Prefect handles infrastructure details automatically: task retries, result caching, concurrent execution, logging, and state management. Its hybrid execution model allows the orchestration control plane to run in the cloud (Prefect Cloud) while tasks execute on your own infrastructure, keeping data private. Prefect Server provides an open-source self-hosted alternative.
Prefect is gaining adoption as a modern alternative to Airflow for teams wanting a more Pythonic, developer-friendly orchestration experience. It supports dynamic workflows (where the workflow structure is determined at runtime), native async support, and parameter-based scheduling. For ML workflows, Prefect integrates with ML tools and provides the scheduling and monitoring layer while tools like MLflow handle experiment tracking.
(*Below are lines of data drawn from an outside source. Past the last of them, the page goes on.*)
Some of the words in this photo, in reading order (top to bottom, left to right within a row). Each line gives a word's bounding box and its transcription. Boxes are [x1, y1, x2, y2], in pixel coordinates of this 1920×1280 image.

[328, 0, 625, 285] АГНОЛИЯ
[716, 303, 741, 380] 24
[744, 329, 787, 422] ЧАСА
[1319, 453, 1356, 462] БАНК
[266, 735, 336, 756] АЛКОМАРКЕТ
Prefect is often easier to understand when you stop treating it as a dictionary entry and start looking at the operational question it answers. Teams normally encounter the term when they are deciding how to improve quality, lower risk, or make an AI workflow easier to manage after launch.
That is also why Prefect gets compared with Apache Airflow, Flyte, and Kedro. The overlap can be real, but the practical difference usually sits in which part of the system changes once the concept is applied and which trade-off the team is willing to make.
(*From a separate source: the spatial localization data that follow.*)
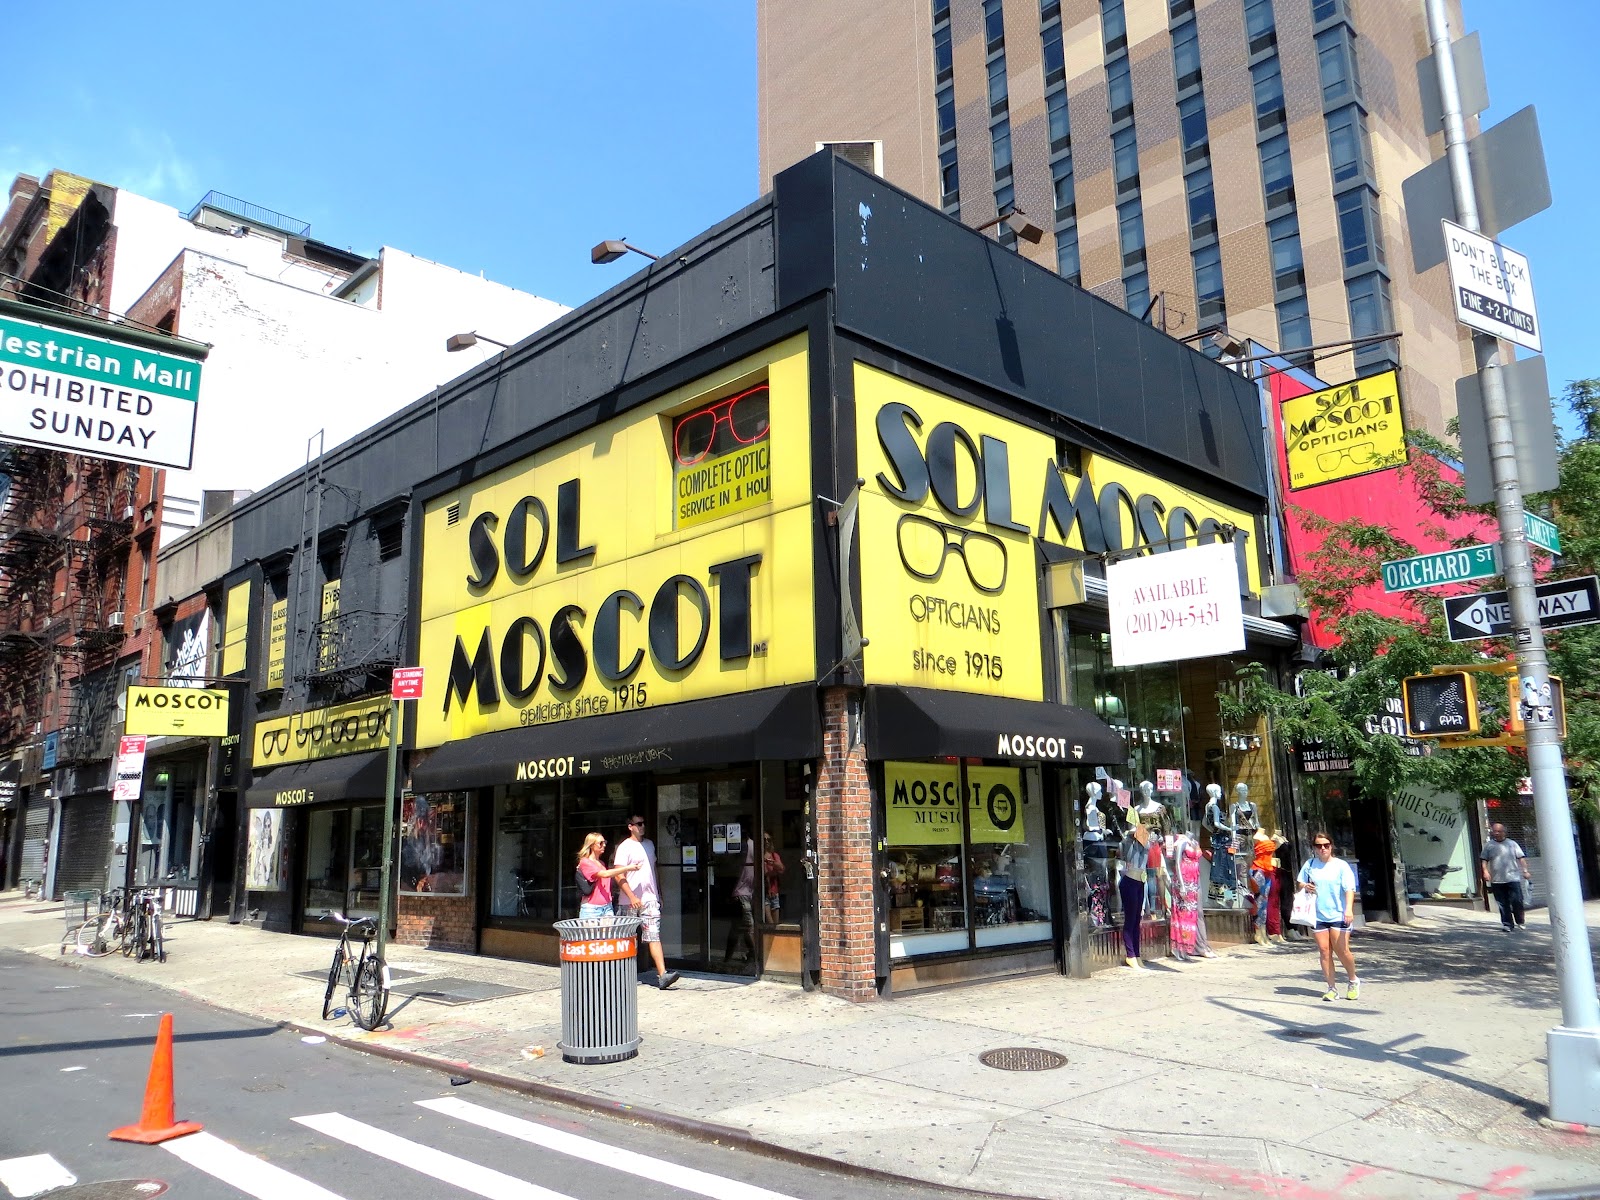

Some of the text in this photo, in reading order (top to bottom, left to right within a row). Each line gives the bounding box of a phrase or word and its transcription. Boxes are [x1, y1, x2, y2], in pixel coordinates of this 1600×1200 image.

[1452, 238, 1526, 282] DON'T BLOCK
[1470, 264, 1518, 296] THE BOX
[1462, 290, 1533, 331] FINE +2 POINTS
[133, 359, 192, 391] Mall
[1316, 384, 1367, 412] SOL
[30, 408, 157, 450] SUNDAY
[1290, 395, 1396, 441] MOSCOT
[1300, 420, 1389, 451] OPTICIANS
[680, 460, 731, 498] COMPLETE
[875, 401, 1031, 535] SOL
[1294, 472, 1304, 480] 118
[680, 494, 715, 520] SERVICE
[719, 489, 730, 507] IN
[734, 485, 742, 502] 1
[466, 478, 597, 589] SOL
[1549, 526, 1557, 540] ST
[1386, 548, 1493, 590] ORCHARD ST
[1133, 576, 1209, 606] AVAILABLE
[909, 594, 1001, 635] OPTICIANS
[1470, 593, 1578, 626] ONE WAY
[443, 554, 762, 713] MOSCOT
[394, 670, 423, 679] NO STANDING
[912, 647, 1003, 682] since 1915
[397, 679, 419, 687] ANYTIME
[135, 693, 223, 710] MOSCOT
[520, 682, 647, 726] opticians since 1915
[1381, 697, 1404, 714] OR
[997, 733, 1067, 758] MOSCOT
[516, 756, 575, 781] MOSCOT
[275, 788, 307, 805] MOSCOT
[892, 779, 981, 806] MOSCT
[565, 943, 587, 955] East
[588, 941, 614, 956] Side
[616, 939, 629, 953] NY
A useful explanation therefore needs to connect Prefect back to deployment choices. When the concept is framed in workflow terms, people can decide whether it belongs in their current system, whether it solves the right problem, and what it would change if they implemented it seriously.
Prefect also tends to show up when teams are debugging disappointing outcomes in production. The concept gives them a way to explain why a system behaves the way it does, which options are still open, and where a smarter intervention would actually move the quality needle instead of creating more complexity.